▶ Your assignment
The full listing, excluding its pictures, should be printed exactly as it stands.

▶ Material shown
▬▬▬

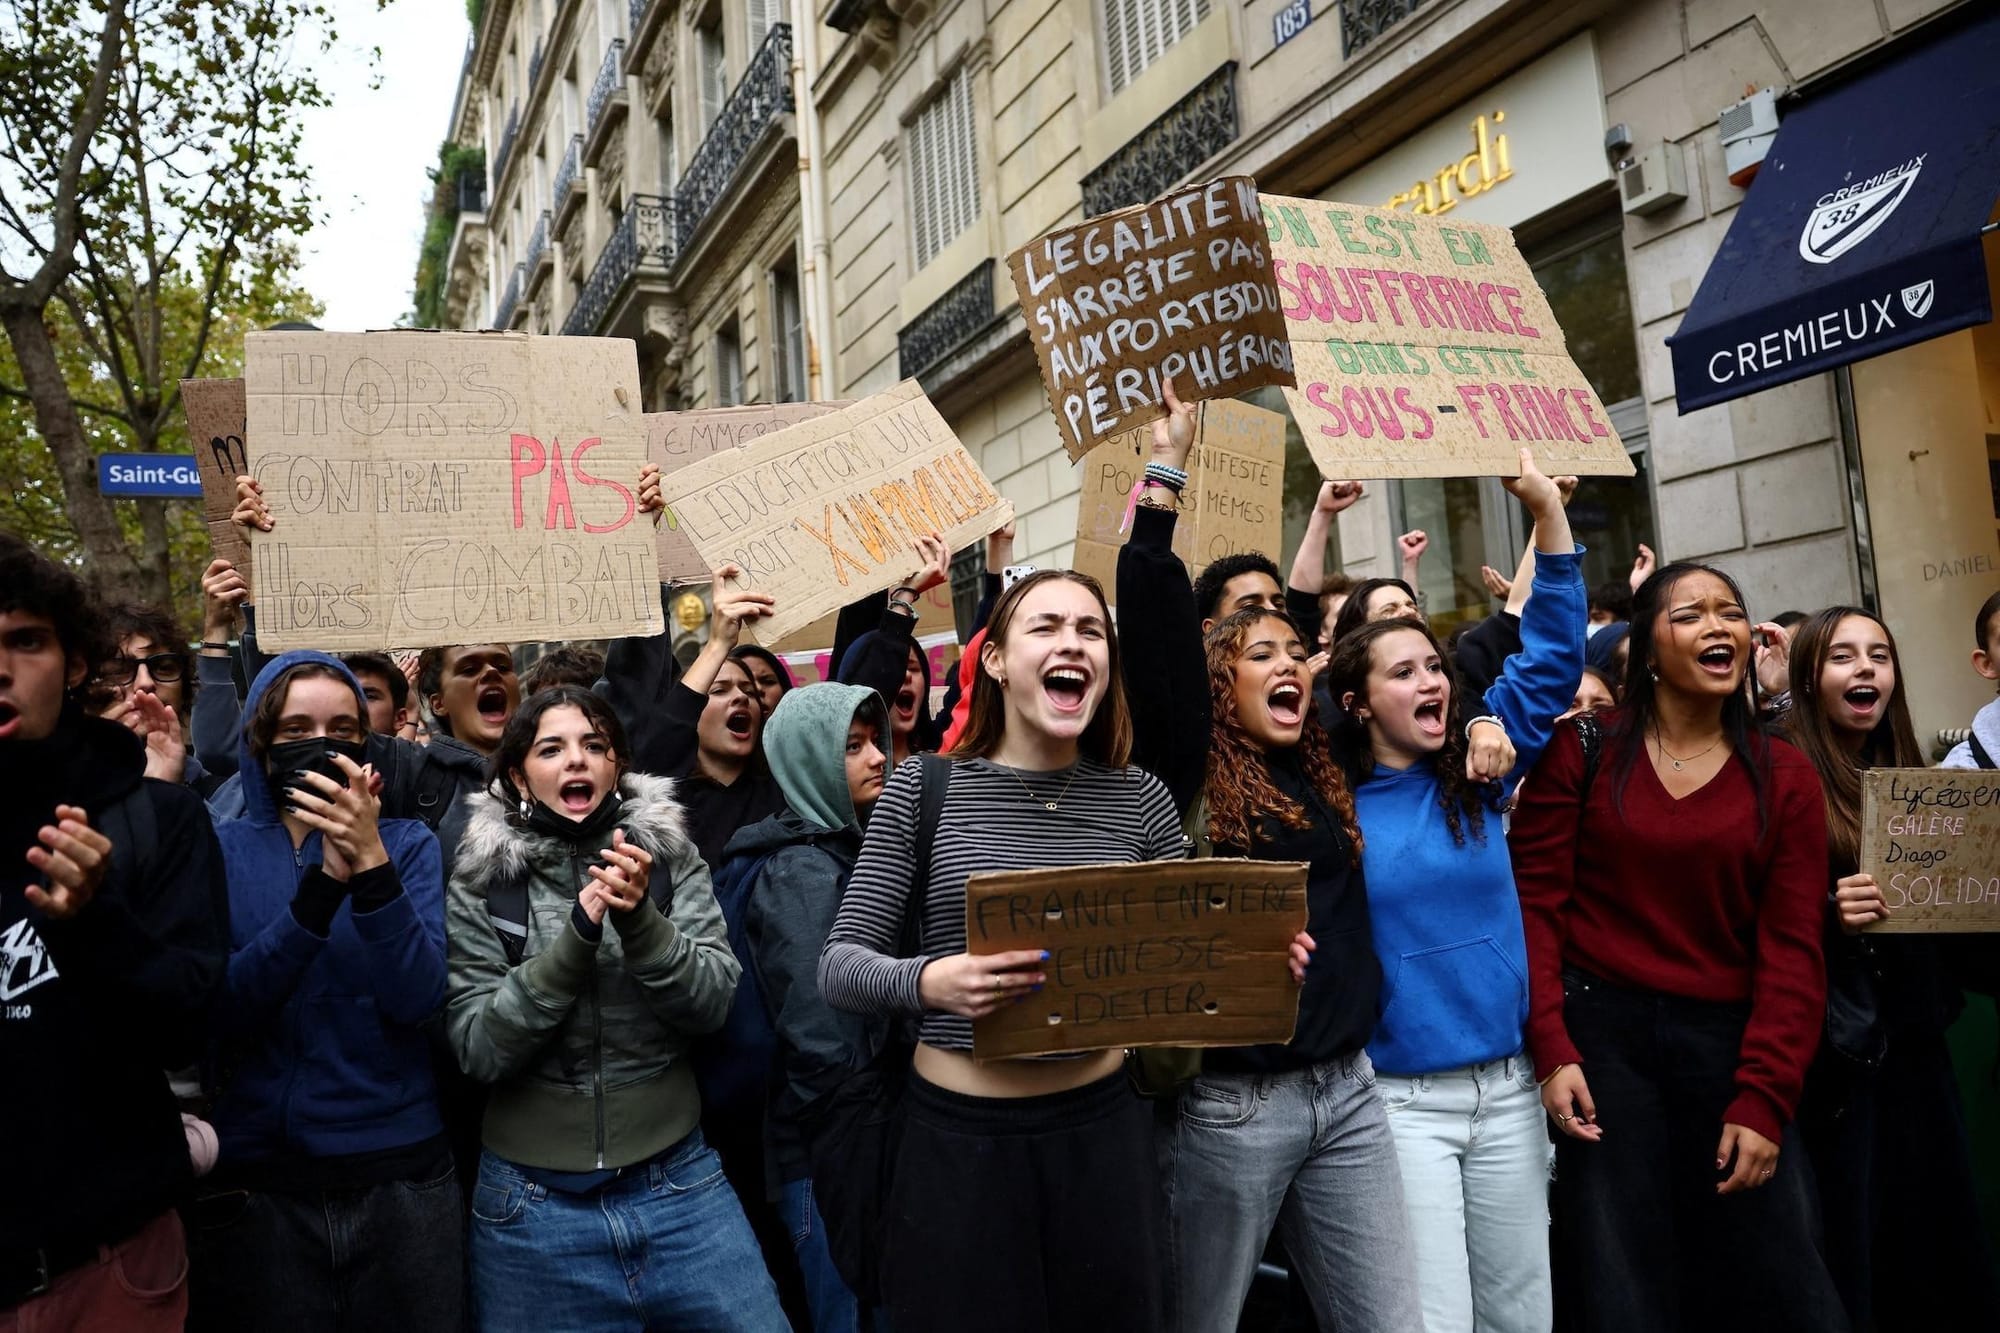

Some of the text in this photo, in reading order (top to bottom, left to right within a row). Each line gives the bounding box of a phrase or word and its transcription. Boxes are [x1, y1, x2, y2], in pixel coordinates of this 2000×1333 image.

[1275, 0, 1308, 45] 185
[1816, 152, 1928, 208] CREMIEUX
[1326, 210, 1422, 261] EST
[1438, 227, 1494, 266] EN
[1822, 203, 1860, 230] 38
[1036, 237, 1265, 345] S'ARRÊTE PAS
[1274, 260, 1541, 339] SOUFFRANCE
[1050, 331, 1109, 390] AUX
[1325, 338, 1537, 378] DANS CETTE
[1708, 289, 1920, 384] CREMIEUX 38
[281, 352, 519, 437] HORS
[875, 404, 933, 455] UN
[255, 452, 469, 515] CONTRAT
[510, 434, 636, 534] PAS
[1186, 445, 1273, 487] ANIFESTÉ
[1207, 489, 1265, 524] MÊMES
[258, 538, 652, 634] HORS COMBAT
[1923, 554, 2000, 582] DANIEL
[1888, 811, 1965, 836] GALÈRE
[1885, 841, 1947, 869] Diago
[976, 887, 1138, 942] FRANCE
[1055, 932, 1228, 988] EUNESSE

▬▬▬

▶ Expected answer
Some of the text in this photo, in reading order (top to bottom, left to right within a row). Each line gives the bounding box of a phrase or word and its transcription. Boxes are [x1, y1, x2, y2], in pixel coordinates of this 2000×1333 image.

[1275, 0, 1308, 45] 185
[1816, 152, 1928, 208] CREMIEUX
[1326, 210, 1422, 261] EST
[1438, 227, 1494, 266] EN
[1822, 203, 1860, 230] 38
[1036, 237, 1265, 345] S'ARRÊTE PAS
[1274, 260, 1541, 339] SOUFFRANCE
[1050, 331, 1109, 390] AUX
[1325, 338, 1537, 378] DANS CETTE
[1708, 289, 1920, 384] CREMIEUX 38
[281, 352, 519, 437] HORS
[875, 404, 933, 455] UN
[255, 452, 469, 515] CONTRAT
[510, 434, 636, 534] PAS
[1186, 445, 1273, 487] ANIFESTÉ
[1207, 489, 1265, 524] MÊMES
[258, 538, 652, 634] HORS COMBAT
[1923, 554, 2000, 582] DANIEL
[1888, 811, 1965, 836] GALÈRE
[1885, 841, 1947, 869] Diago
[976, 887, 1138, 942] FRANCE
[1055, 932, 1228, 988] EUNESSE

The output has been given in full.